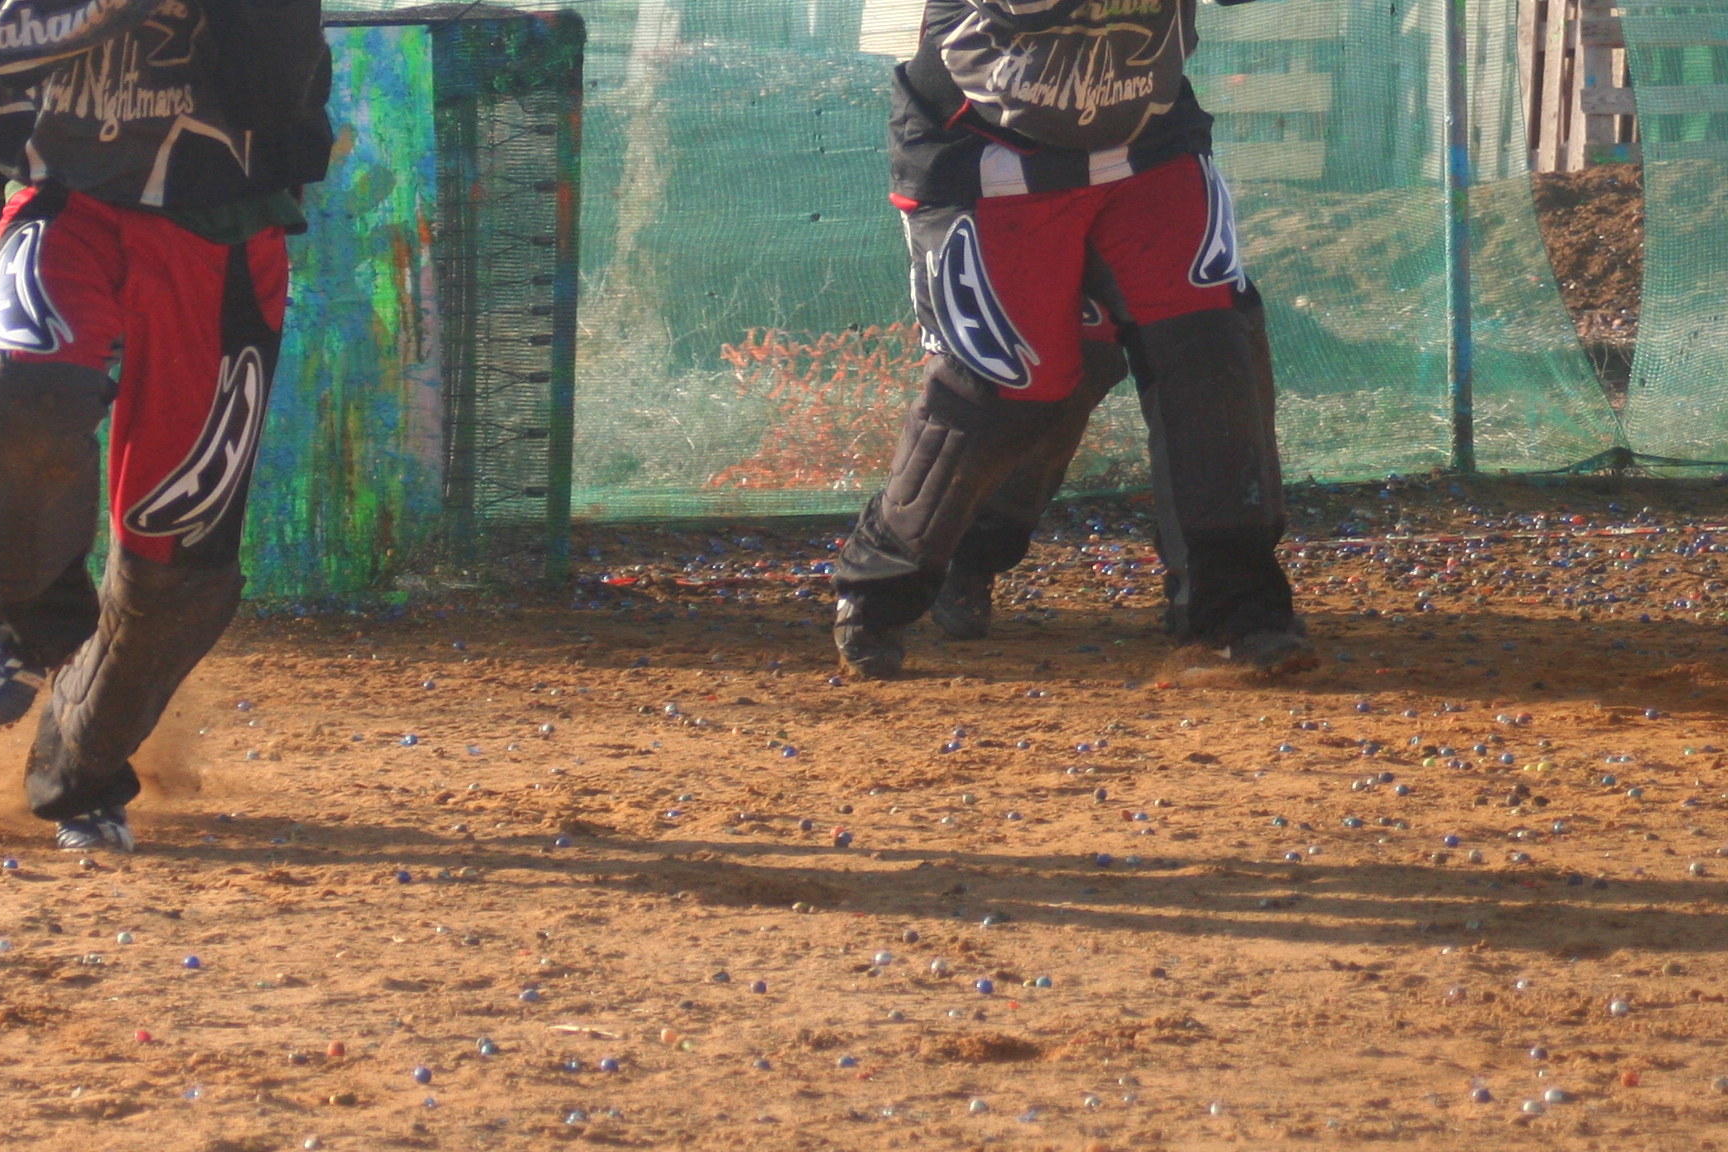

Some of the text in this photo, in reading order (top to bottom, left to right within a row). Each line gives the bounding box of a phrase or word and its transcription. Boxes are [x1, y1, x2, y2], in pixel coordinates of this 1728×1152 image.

[75, 31, 195, 142] Nightmares
[986, 35, 1154, 126] Madrid Nightmares
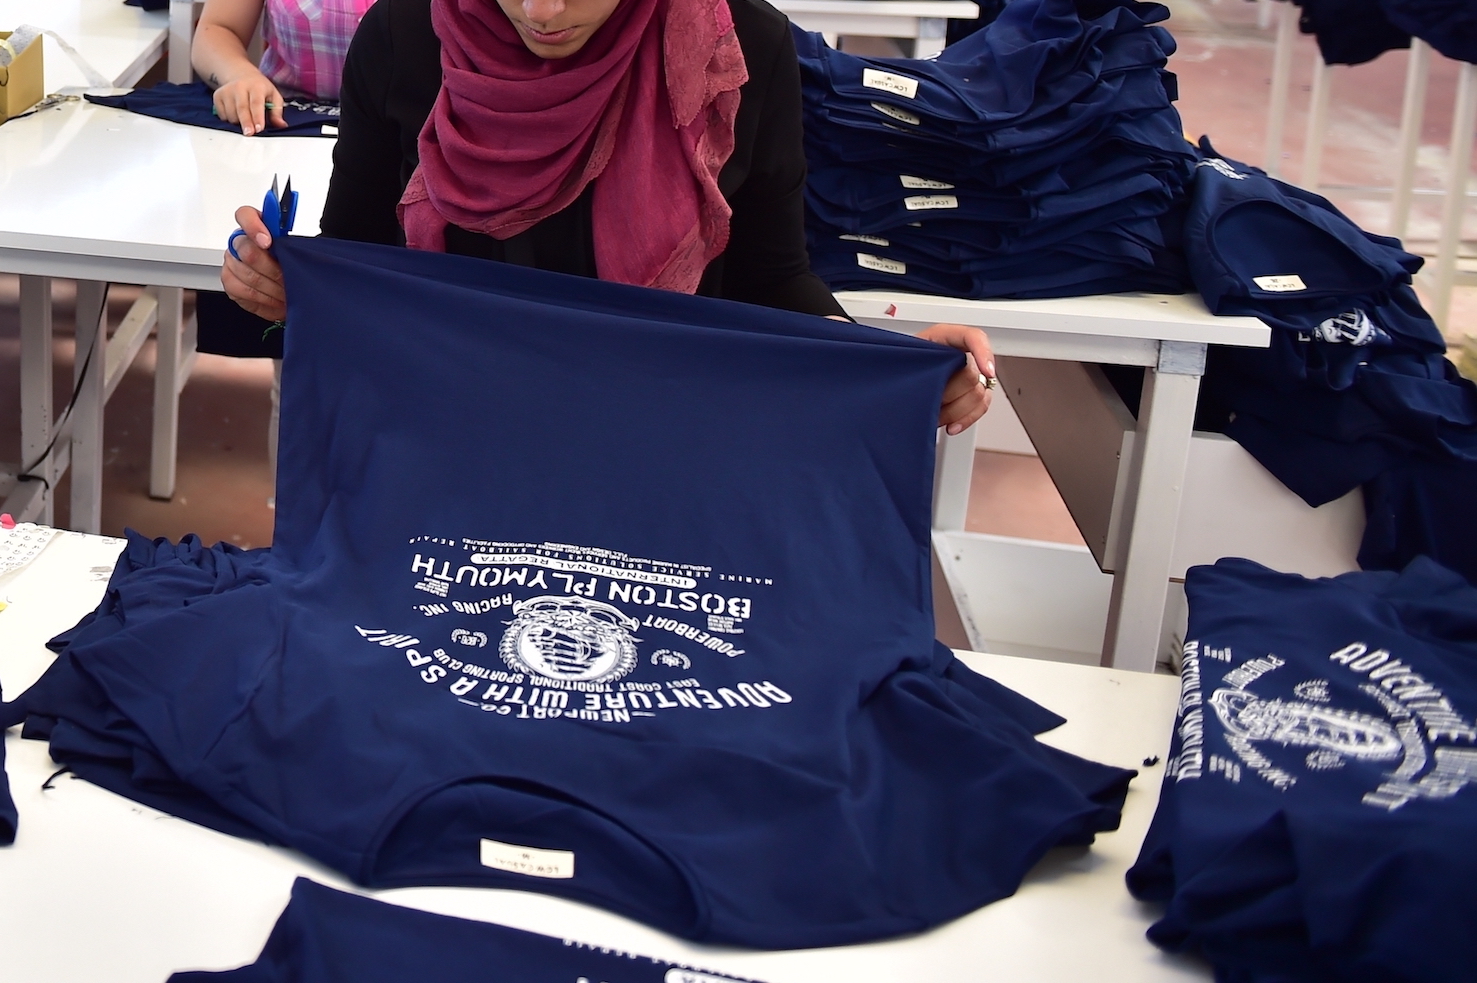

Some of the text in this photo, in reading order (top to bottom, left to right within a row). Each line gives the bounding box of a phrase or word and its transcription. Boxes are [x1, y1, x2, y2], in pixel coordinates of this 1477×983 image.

[463, 543, 527, 554] SAILBOAT
[535, 548, 560, 559] FOR
[480, 555, 689, 586] INTERNATIONAL REGATTA
[568, 553, 643, 570] SOLUTIONS
[651, 566, 711, 579] SERVICE
[410, 553, 599, 599] PLYMOUTH
[718, 573, 774, 586] MARINE
[412, 602, 450, 618] INC.
[451, 592, 514, 616] RACING
[607, 580, 753, 620] BOSTON
[641, 614, 746, 659] POWERBOAT
[354, 624, 448, 684] SPIRIT
[433, 647, 701, 693] EAST COAST TRADITIONAL SPORTING CLUB
[449, 676, 480, 696] A
[481, 683, 569, 709] WITH
[584, 680, 793, 710] ADVENTURE
[516, 703, 631, 723] NEWPORT

* * *

**REQUIRED WORK**.
Copy the entries exactly. Leave the pictures out.

**PROBLEM SOLUTION**.
Some of the text in this photo, in reading order (top to bottom, left to right within a row). Each line gives the bounding box of a phrase or word and its transcription. Boxes are [x1, y1, x2, y2], in pixel coordinates of this 1728×1152 image.

[75, 31, 195, 142] Nightmares
[986, 35, 1154, 126] Madrid Nightmares

Some of the text in this photo, in reading order (top to bottom, left to right within a row). Each line gives the bounding box of a phrase or word and its transcription. Boxes are [x1, y1, x2, y2], in pixel coordinates of this 1477×983 image.

[463, 543, 527, 554] SAILBOAT
[535, 548, 560, 559] FOR
[480, 555, 689, 586] INTERNATIONAL REGATTA
[568, 553, 643, 570] SOLUTIONS
[651, 566, 711, 579] SERVICE
[410, 553, 599, 599] PLYMOUTH
[718, 573, 774, 586] MARINE
[412, 602, 450, 618] INC.
[451, 592, 514, 616] RACING
[607, 580, 753, 620] BOSTON
[641, 614, 746, 659] POWERBOAT
[354, 624, 448, 684] SPIRIT
[433, 647, 701, 693] EAST COAST TRADITIONAL SPORTING CLUB
[449, 676, 480, 696] A
[481, 683, 569, 709] WITH
[584, 680, 793, 710] ADVENTURE
[516, 703, 631, 723] NEWPORT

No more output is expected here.